**DESCRIPTION OF THE TASK**: What's wanted is each entry repeated verbatim, minus its images.
=== SUPPLIED DATA ===
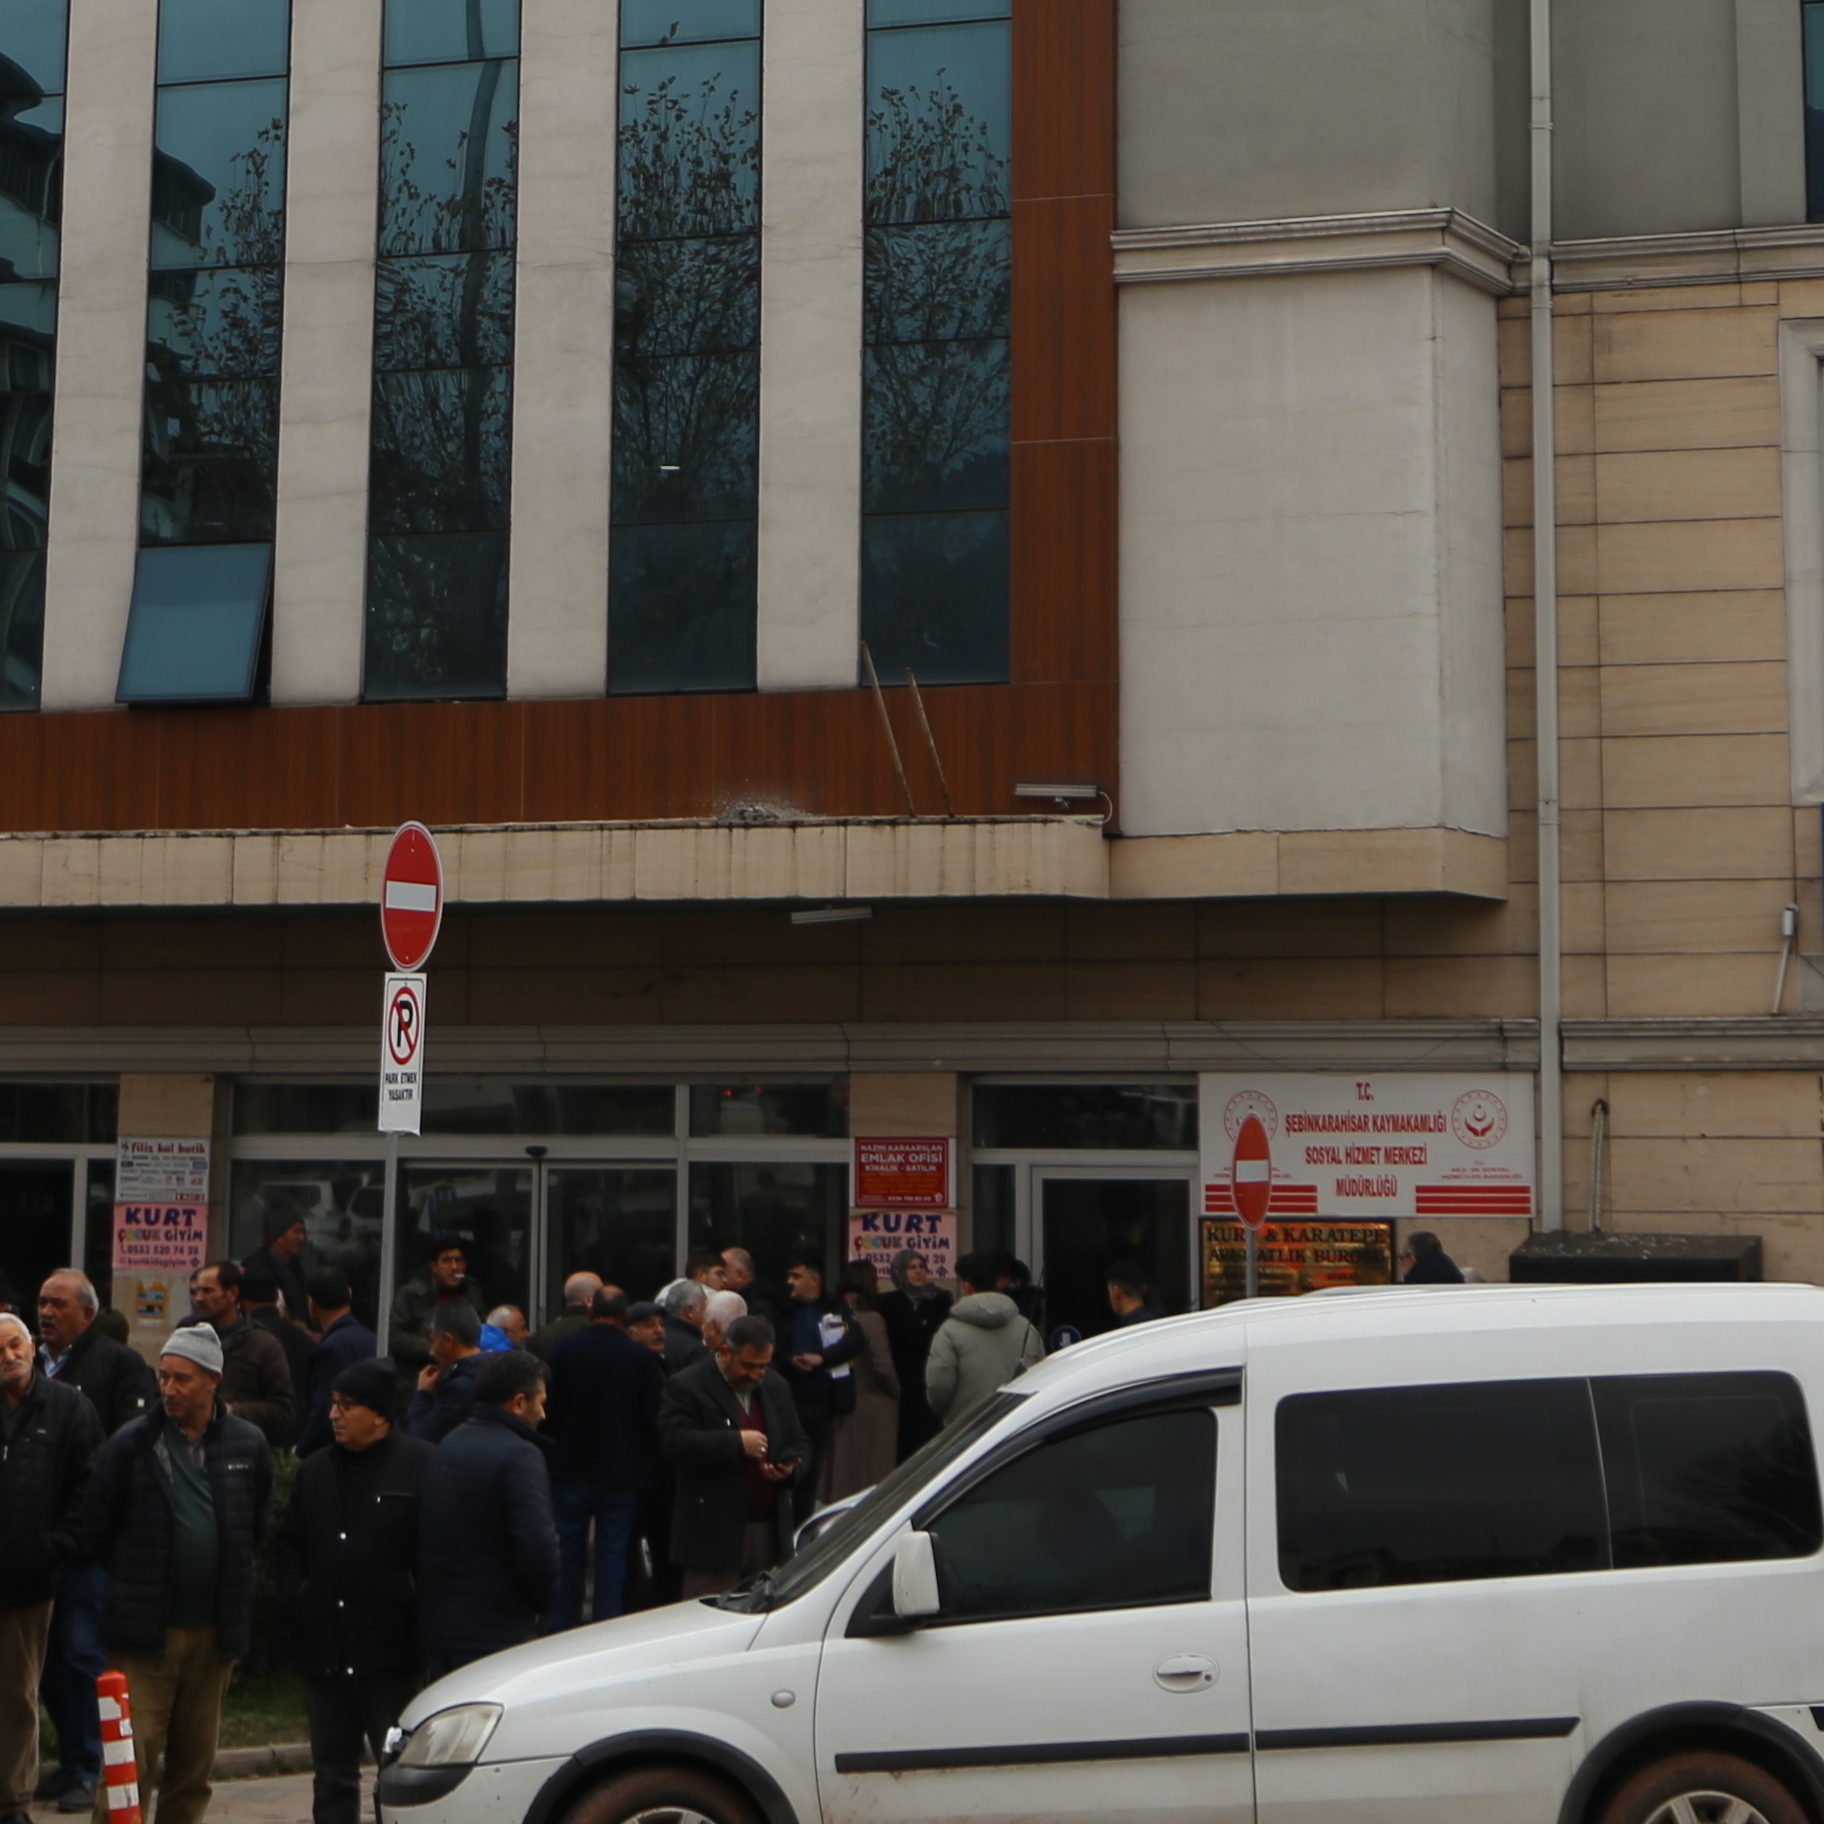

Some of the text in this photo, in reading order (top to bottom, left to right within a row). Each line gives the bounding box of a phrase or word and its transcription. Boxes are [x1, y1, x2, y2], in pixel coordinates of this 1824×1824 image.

[385, 1072, 417, 1084] PARK ETMEK
[1356, 1082, 1375, 1101] T.C.
[1285, 1109, 1448, 1137] ŞEBİNKARAHİSAR KAYMAKAMLIĞI
[861, 1150, 943, 1164] EMLAK OFİSİ
[1305, 1141, 1428, 1165] SOSYAL HİZMET MERKEZİ
[1336, 1174, 1398, 1198] MÜDÜRLÜĞÜ
[125, 1207, 197, 1226] KURT
[862, 1213, 942, 1234] KURT
[164, 1226, 203, 1241] GİYİM
[907, 1233, 950, 1250] GİYİM
[1206, 1228, 1249, 1243] KUR
[1283, 1228, 1388, 1243] KARATEPE
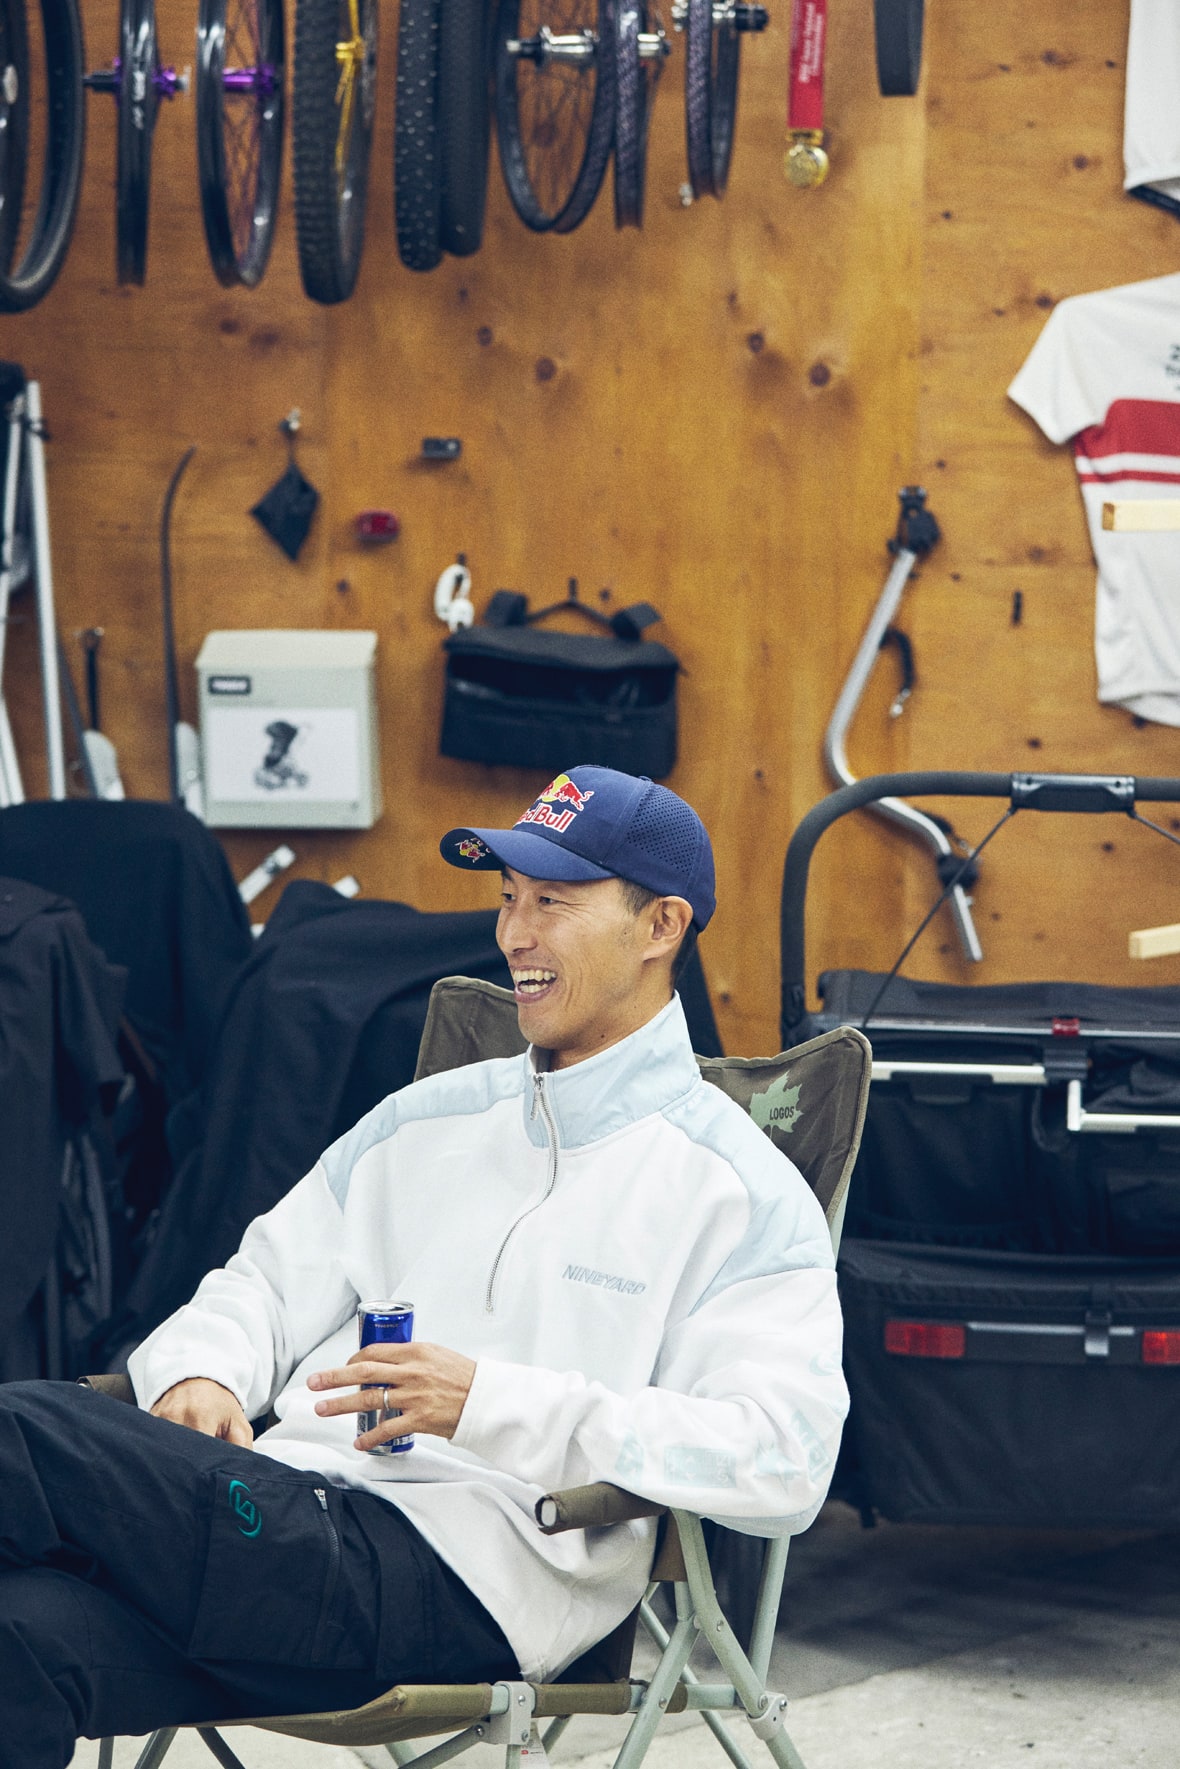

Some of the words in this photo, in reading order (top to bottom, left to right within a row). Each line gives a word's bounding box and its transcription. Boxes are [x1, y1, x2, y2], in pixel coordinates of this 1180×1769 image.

[533, 805, 575, 832] Bull
[769, 1106, 795, 1121] LOGOS
[561, 1264, 647, 1295] NINEYARD
===
**FINAL ANSWER**:
Some of the text in this photo, in reading order (top to bottom, left to right within a row). Each line gives the bounding box of a phrase or word and its transcription. Boxes are [x1, y1, x2, y2], in pixel coordinates of this 1824×1824 image.

[385, 1072, 417, 1084] PARK ETMEK
[1356, 1082, 1375, 1101] T.C.
[1285, 1109, 1448, 1137] ŞEBİNKARAHİSAR KAYMAKAMLIĞI
[861, 1150, 943, 1164] EMLAK OFİSİ
[1305, 1141, 1428, 1165] SOSYAL HİZMET MERKEZİ
[1336, 1174, 1398, 1198] MÜDÜRLÜĞÜ
[125, 1207, 197, 1226] KURT
[862, 1213, 942, 1234] KURT
[164, 1226, 203, 1241] GİYİM
[907, 1233, 950, 1250] GİYİM
[1206, 1228, 1249, 1243] KUR
[1283, 1228, 1388, 1243] KARATEPE

Some of the words in this photo, in reading order (top to bottom, left to right within a row). Each line gives a word's bounding box and its transcription. Boxes are [x1, y1, x2, y2], in pixel coordinates of this 1180×1769 image.

[533, 805, 575, 832] Bull
[769, 1106, 795, 1121] LOGOS
[561, 1264, 647, 1295] NINEYARD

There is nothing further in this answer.